VwGH vom 18.03.2014, 2011/22/0077
Betreff
Der Verwaltungsgerichtshof hat durch die Vorsitzende Senatspräsidentin Dr. Bernegger, den Hofrat Dr. Robl, die Hofrätin Mag. Merl sowie die Hofräte Mag. Straßegger und Dr. Mayr als Richter, im Beisein der Schriftführerin Mag. Perauer, über die Beschwerde des M, vertreten durch Fatma Özdemir-Bagatar, Rechtsanwältin in 5020 Salzburg, Alpenstraße 10, gegen den Bescheid der Bundesministerin für Inneres vom , Zl. 320.250/2-III/4/10, betreffend Entziehung eines Aufenthaltstitels, zu Recht erkannt:
Spruch
Die Beschwerde wird als unbegründet abgewiesen.
Der Beschwerdeführer hat dem Bund Aufwendungen in der Höhe von EUR 57,40 binnen zwei Wochen bei sonstiger Exekution zu ersetzen.
Begründung
Mit dem angefochtenen, im Instanzenzug ergangenen Bescheid entzog die belangte Behörde dem Beschwerdeführer, einem kroatischen Staatsangehörigen, gemäß § 28 Abs. 5 Niederlassungs- und Aufenthaltsgesetz - NAG den ihm zuletzt mit einer Gültigkeitsdauer vom bis erteilten Aufenthaltstitel "Familienangehöriger".
Begründend führte die belangte Behörde im Wesentlichen aus, der Beschwerdeführer habe am eine österreichische Staatsbürgerin geheiratet und danach unter Berufung auf diese Ehe einen Erstantrag auf Erteilung eines Aufenthaltstitels "Familienangehöriger" gestellt. Dieser sei dem Beschwerdeführer erteilt und in weiterer Folge mehrfach verlängert worden. Mit Urteil vom sei die Ehe aus dem Verschulden des Beschwerdeführers geschieden worden, wovon er die erstinstanzliche Behörde erst am informiert habe.

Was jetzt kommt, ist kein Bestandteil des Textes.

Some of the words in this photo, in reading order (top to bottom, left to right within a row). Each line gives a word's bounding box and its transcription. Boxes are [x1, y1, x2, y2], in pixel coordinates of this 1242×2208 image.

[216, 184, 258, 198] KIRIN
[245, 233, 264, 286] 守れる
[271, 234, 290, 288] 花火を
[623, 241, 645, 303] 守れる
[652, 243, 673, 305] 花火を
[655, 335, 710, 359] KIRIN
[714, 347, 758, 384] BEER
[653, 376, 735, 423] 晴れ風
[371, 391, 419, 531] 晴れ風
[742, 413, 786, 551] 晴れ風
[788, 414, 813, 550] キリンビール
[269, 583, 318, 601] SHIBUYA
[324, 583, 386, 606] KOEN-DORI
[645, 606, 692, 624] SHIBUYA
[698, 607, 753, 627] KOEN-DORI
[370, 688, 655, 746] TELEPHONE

Rechtlich führte die belangte Behörde im Wesentlichen aus, der Beschwerdeführer habe den Umstand, dass seine Ehe geschieden worden sei, nicht unverzüglich, längstens binnen einem Monat der zuständigen Behörde gemeldet, sondern erst mehr als vier Monate nach Eintritt der maßgeblichen Umstände. Besondere Gründe, die den Beschwerdeführer wegen unvorhersehbarer Ereignisse an der fristgerechten Meldung gehindert hätten und als Wiedereinsetzungsgrund anzuerkennen wären, habe er nicht bekannt gegeben. Da die besonderen Erteilungsvoraussetzungen nicht mehr vorlägen, sei der Aufenthaltstitel gemäß § 28 Abs. 5 NAG zu entziehen gewesen. Die in § 27 Abs. 2 und Abs. 3 leg. cit. normierten Einschränkungen kämen nicht zum Tragen, weil die Ehe aus dem Verschulden des Beschwerdeführers geschieden worden sei und besonders berücksichtigungswürdige Gründe im Sinne der genannten Bestimmungen nicht vorlägen.

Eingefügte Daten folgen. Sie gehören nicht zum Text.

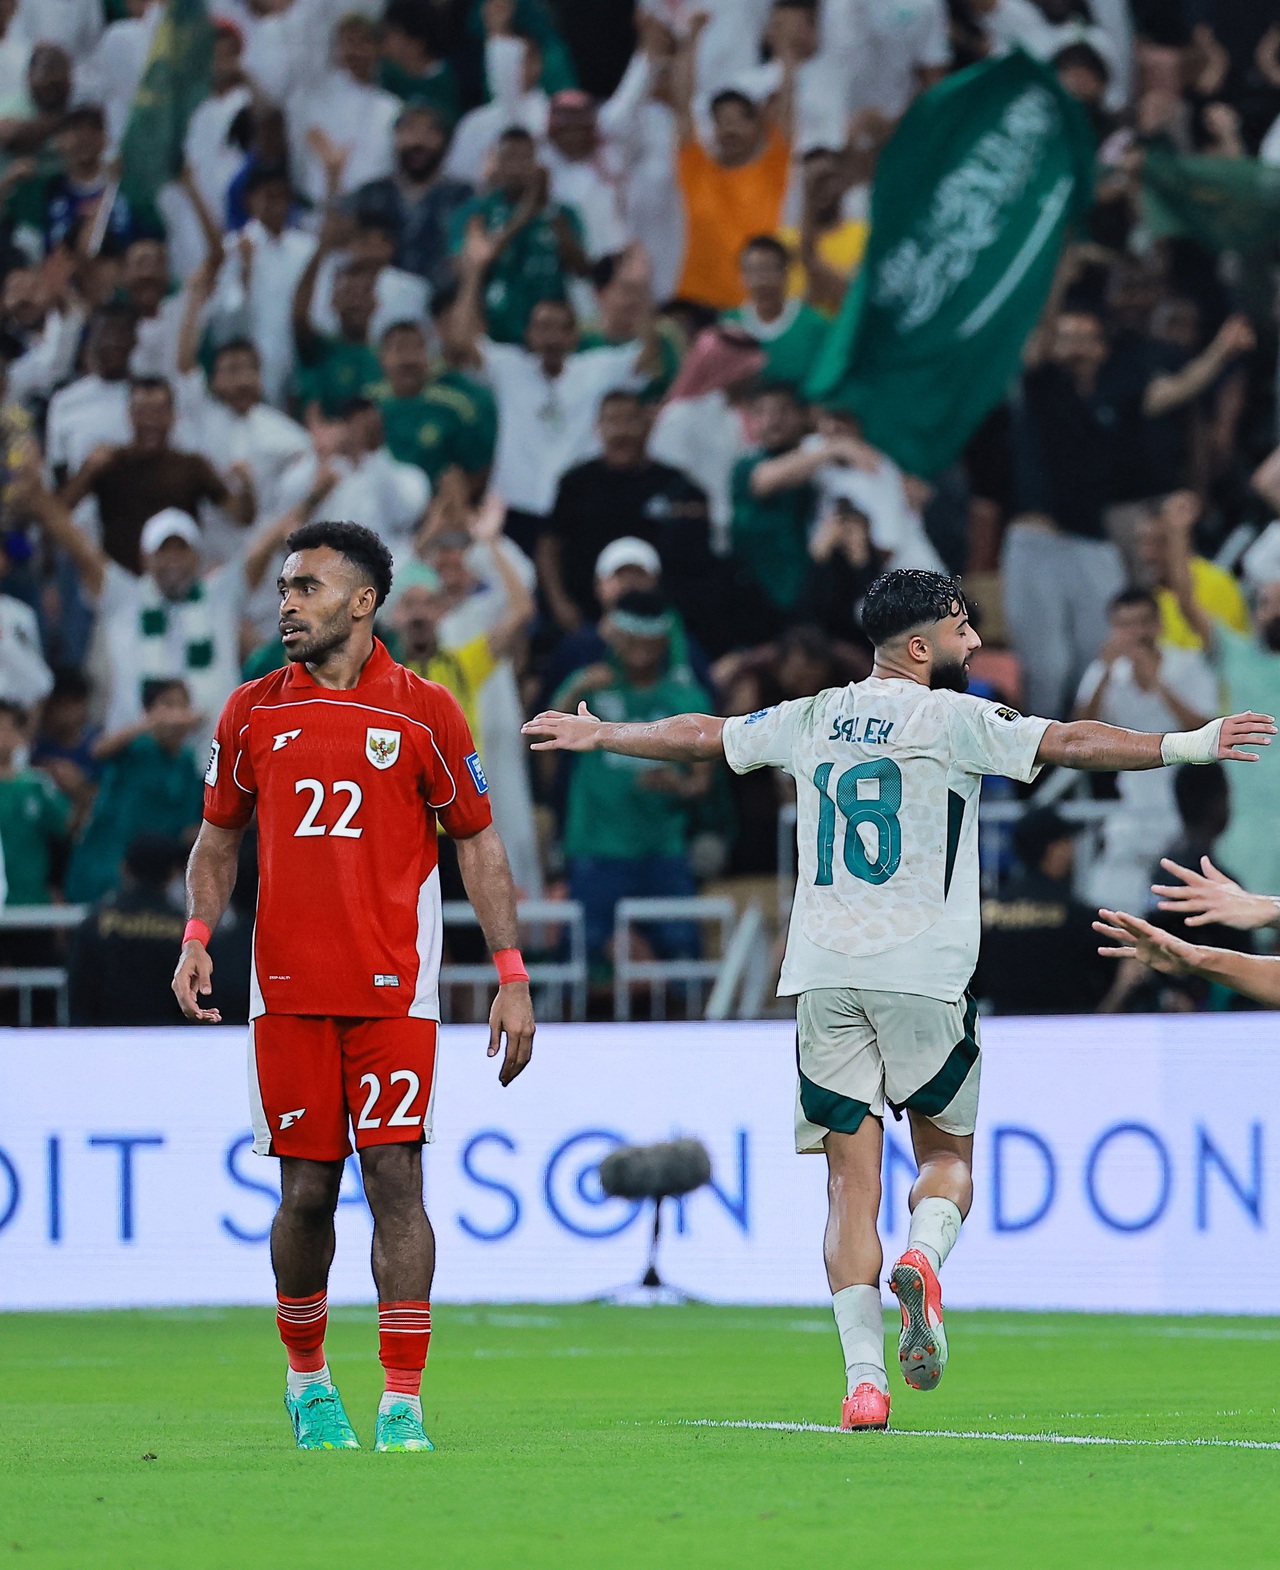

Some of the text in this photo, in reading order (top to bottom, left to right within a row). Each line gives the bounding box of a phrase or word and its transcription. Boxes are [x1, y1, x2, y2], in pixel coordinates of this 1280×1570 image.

Im Rahmen der Interessenabwägung nach § 11 Abs. 3 NAG legte die belangte Behörde dar, dass der Beschwerdeführer seit in Österreich niedergelassen sei und die anlässlich der Erteilung seines ersten Aufenthaltstitels eingegangene Integrationsvereinbarung bislang nicht erfüllt habe. Er sei zwar bei verschiedenen Arbeitgebern erwerbstätig gewesen, doch seien seine Beschäftigungszeiten sehr häufig durch Arbeitslosigkeit unterbrochen worden. Der Beschwerdeführer habe keine Verwandten in Österreich und lebe alleine. Das öffentliche Interesse an einem geordneten Fremdenwesen überwiege also in der vorgenommenen Interessenabwägung jedenfalls, weshalb die Erteilung eines Aufenthaltstitels gemäß Art. 8 EMRK ausgeschlossen sei.
Der Beschwerdeführer erfülle die besonderen Voraussetzungen für die Erteilung eines Aufenthaltstitels "Familienangehöriger" nicht, weshalb die Entziehung des zuletzt gültigen Aufenthaltstitels gerechtfertigt gewesen sei.

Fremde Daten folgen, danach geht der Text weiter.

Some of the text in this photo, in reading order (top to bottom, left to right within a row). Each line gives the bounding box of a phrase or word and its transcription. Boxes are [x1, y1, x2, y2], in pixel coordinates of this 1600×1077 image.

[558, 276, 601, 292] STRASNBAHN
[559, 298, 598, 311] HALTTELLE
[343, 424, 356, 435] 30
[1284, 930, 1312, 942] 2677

Der Verwaltungsgerichtshof hat über die gegen diesen Bescheid erhobene Beschwerde nach Vorlage der Verwaltungsakten durch die belangte Behörde erwogen:
Eingangs ist festzuhalten, dass im Hinblick auf den Zeitpunkt der Erlassung des angefochtenen Bescheides (am ) die Bestimmungen des NAG in der Fassung BGBl. I Nr. 111/2010 anzuwenden sind und sich nachfolgende Zitierungen auf diese Rechtslage beziehen.
§ 27, § 28 Abs. 5 und § 47 Abs. 5 (jeweils samt Überschrift) lauten:
" Niederlassungsrecht von Familienangehörigen mit Niederlassungsbewilligungen
§ 27. (1) Familienangehörige mit einer Niederlassungsbewilligung haben ein eigenständiges Niederlassungsrecht. Liegen die Voraussetzungen für den Familiennachzug nicht mehr vor, ist dem Familienangehörigen eine Niederlassungsbewilligung auszustellen, deren Aufenthaltszweck jedenfalls dem bisherigen Aufenthaltszweck entspricht, wenn kein Erteilungshindernis gemäß § 11 Abs. 1 vorliegt und er die Erteilungsvoraussetzungen des § 11 Abs. 2 erfüllt.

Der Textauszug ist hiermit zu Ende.